MATERIAL PROVIDED:
*** Begin section ***

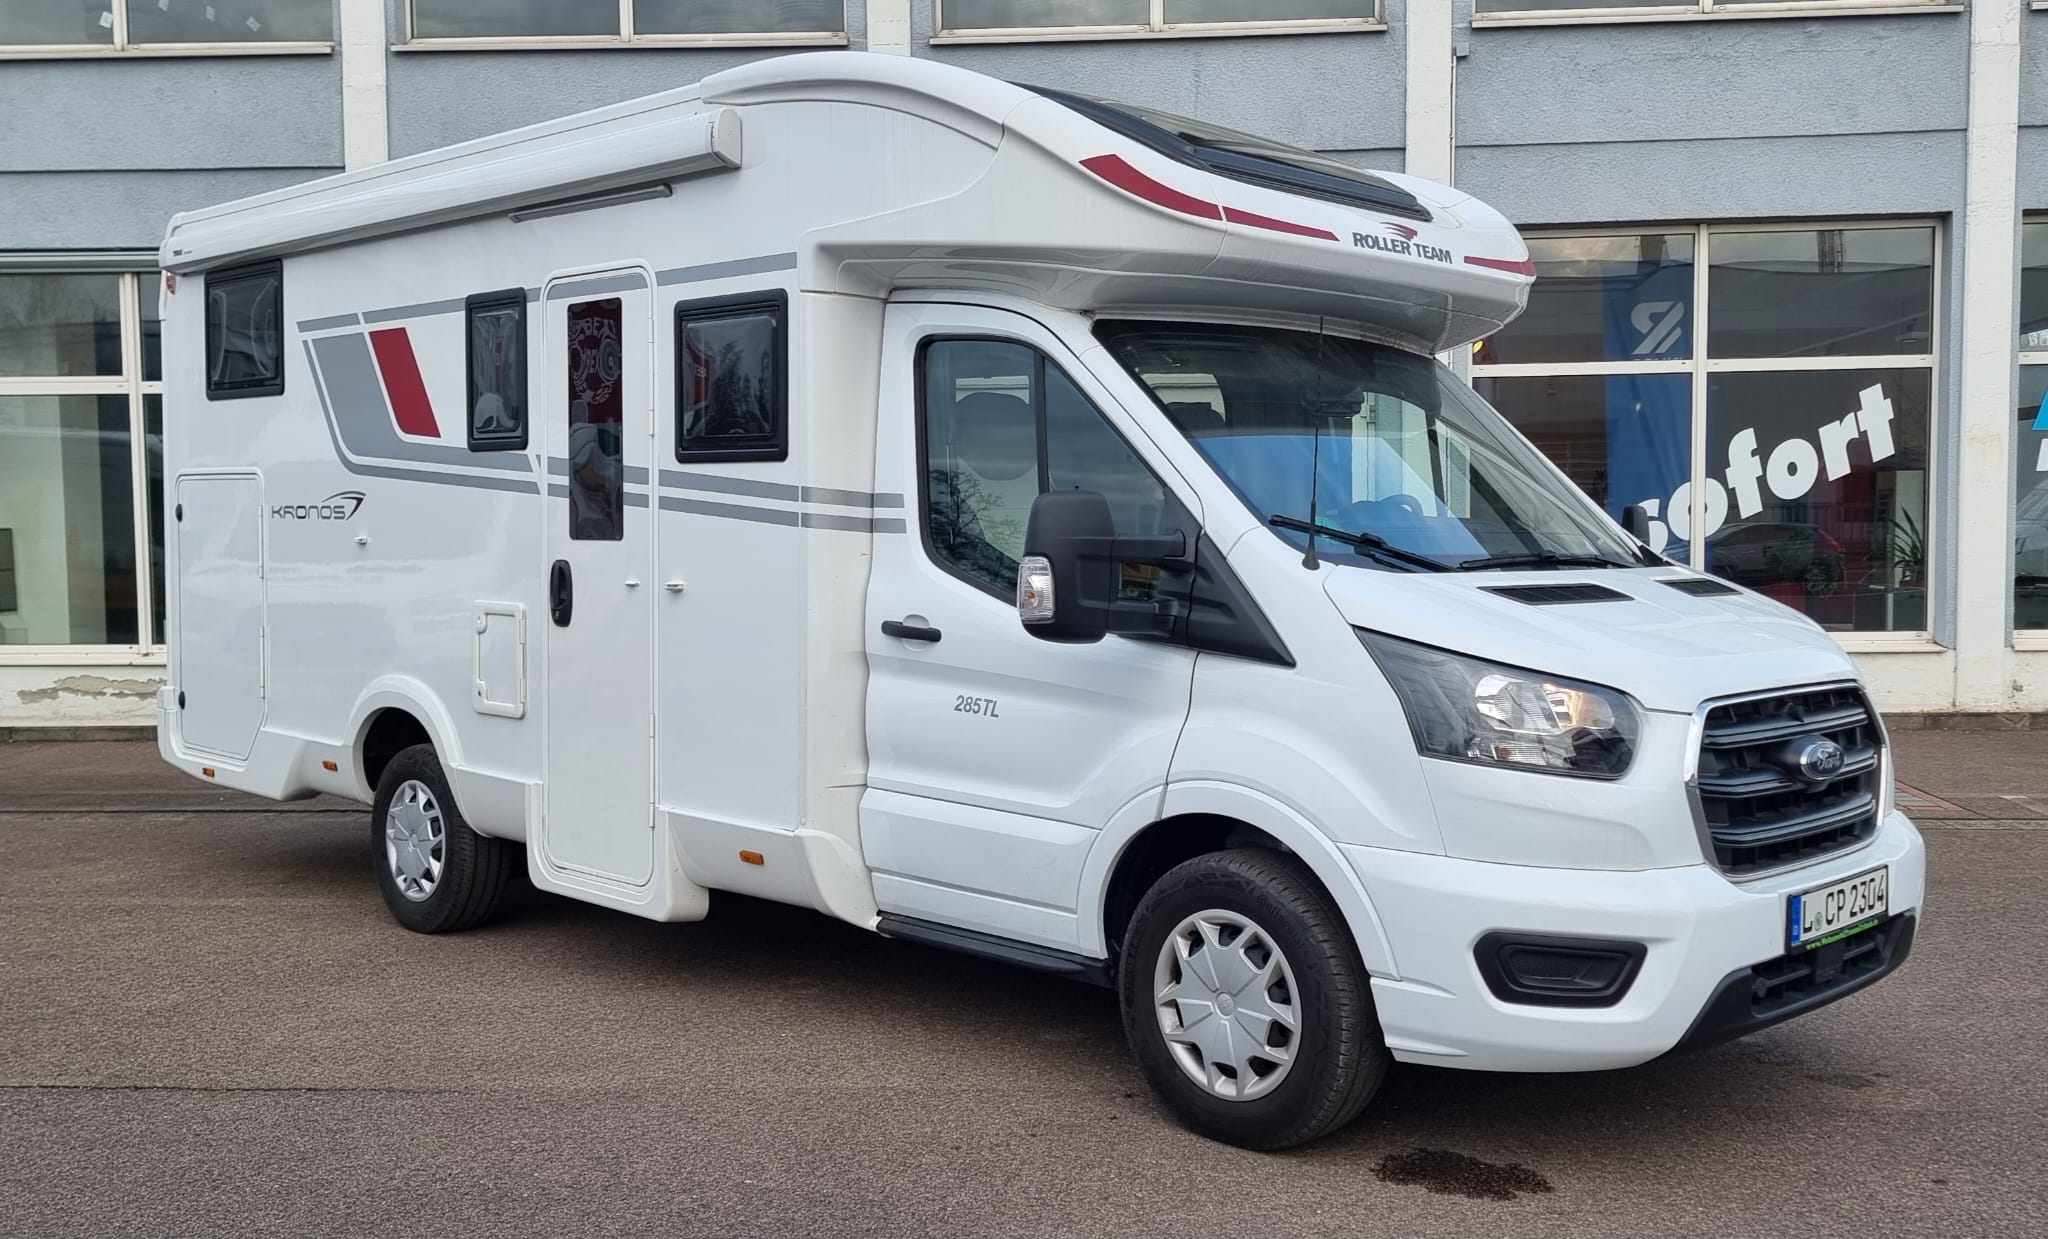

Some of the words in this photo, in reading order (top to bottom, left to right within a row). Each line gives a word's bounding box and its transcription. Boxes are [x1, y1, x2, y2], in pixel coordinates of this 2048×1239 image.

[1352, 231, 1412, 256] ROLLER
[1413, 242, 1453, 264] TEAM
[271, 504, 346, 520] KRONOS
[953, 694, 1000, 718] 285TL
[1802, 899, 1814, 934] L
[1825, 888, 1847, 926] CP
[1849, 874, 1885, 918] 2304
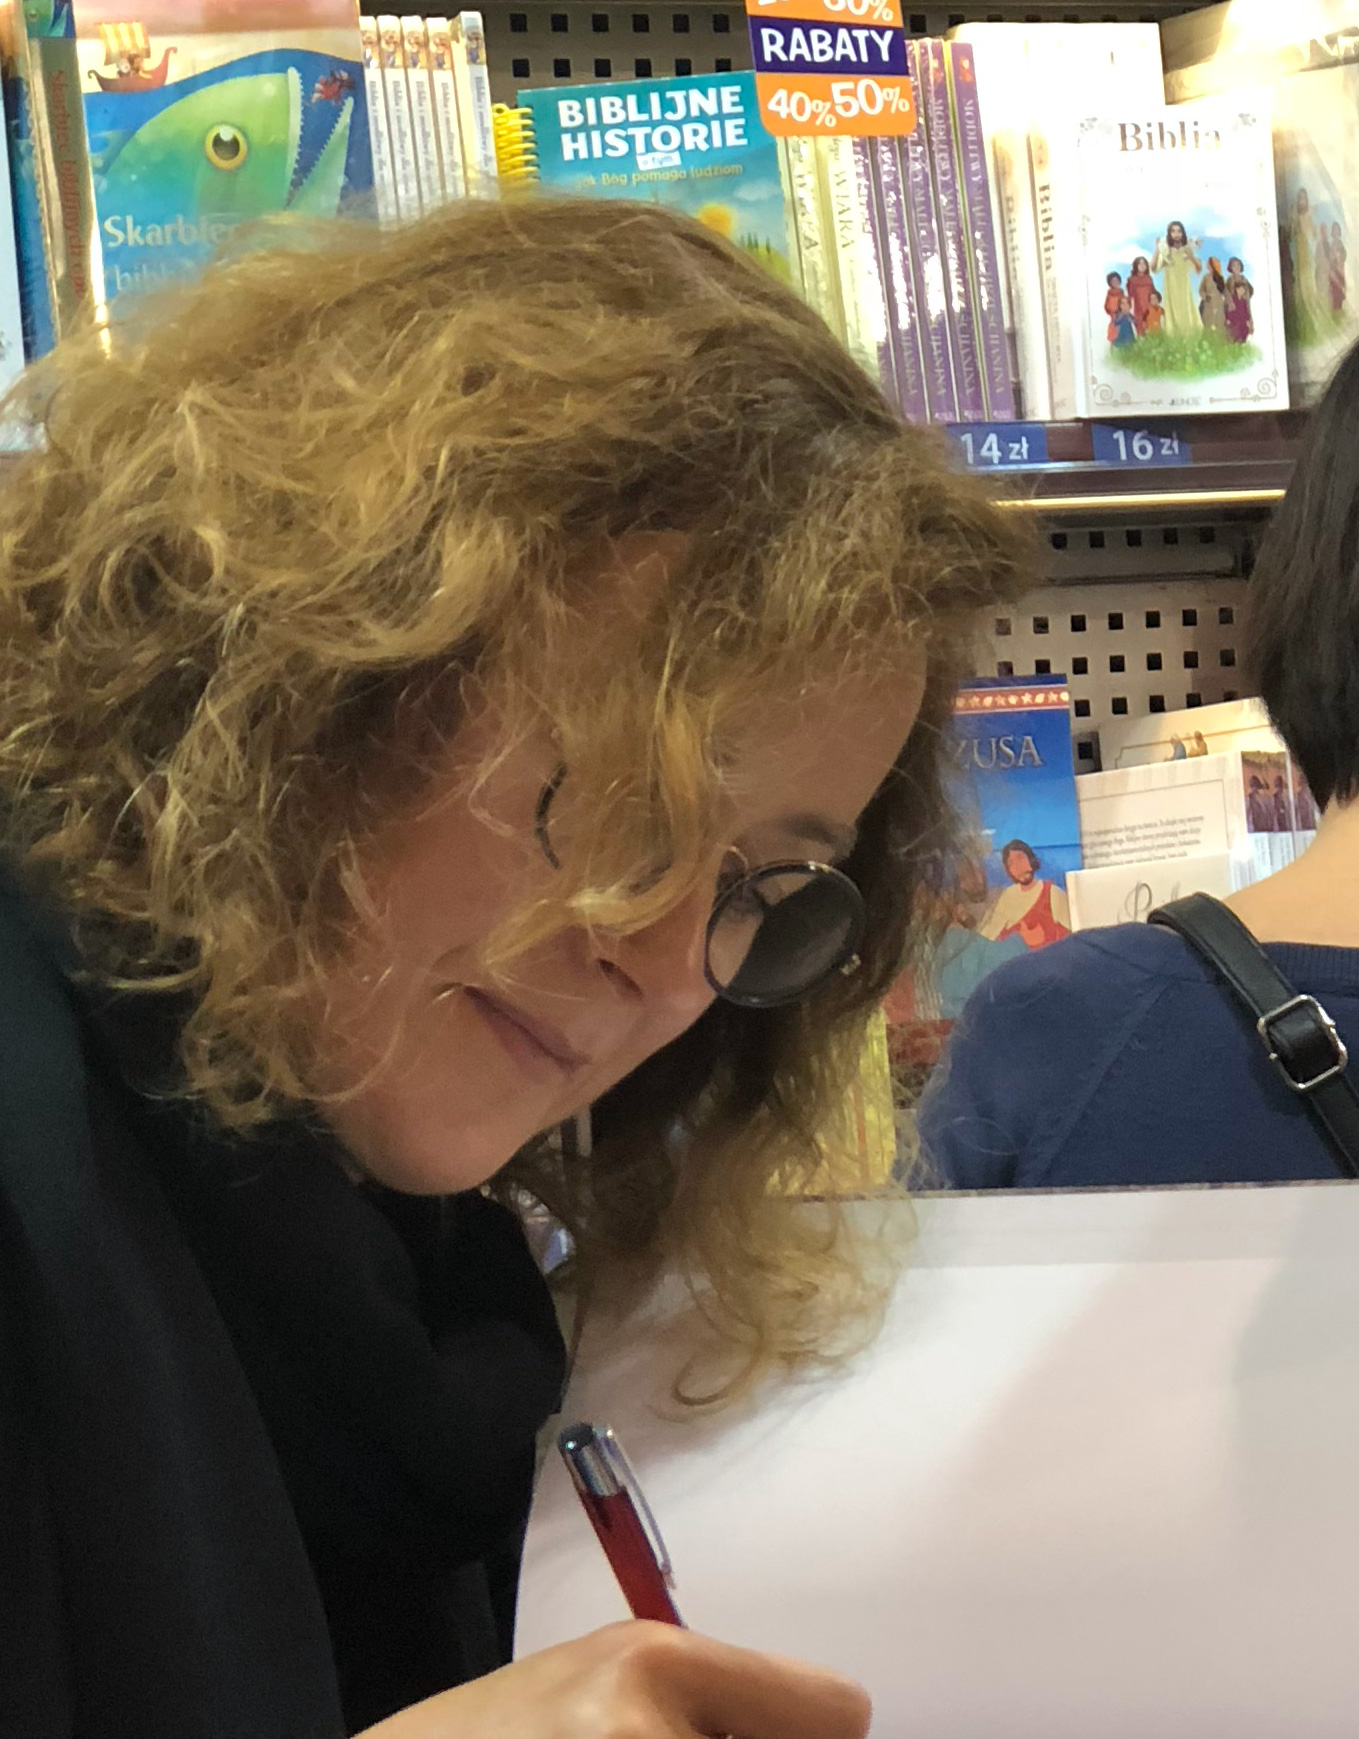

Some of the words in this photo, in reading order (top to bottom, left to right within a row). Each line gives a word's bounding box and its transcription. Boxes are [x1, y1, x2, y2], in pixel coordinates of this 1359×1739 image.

*** End section ***

TASK DIRECTIONS:
Transcribe every line of the records exactly. Pictures do not belong in the copy.

OUTPUT OF THE TASK:
Some of the words in this photo, in reading order (top to bottom, left to right within a row). Each line gives a word's bounding box and its transcription. Boxes are [x1, y1, x2, y2], in pixel coordinates of this 2048×1239 image.

[1352, 231, 1412, 256] ROLLER
[1413, 242, 1453, 264] TEAM
[271, 504, 346, 520] KRONOS
[953, 694, 1000, 718] 285TL
[1802, 899, 1814, 934] L
[1825, 888, 1847, 926] CP
[1849, 874, 1885, 918] 2304

Some of the words in this photo, in reading order (top to bottom, left to right within a row). Each line gives a word's bounding box and its transcription. Boxes are [x1, y1, x2, y2], in pixel coordinates of this 1359×1739 image.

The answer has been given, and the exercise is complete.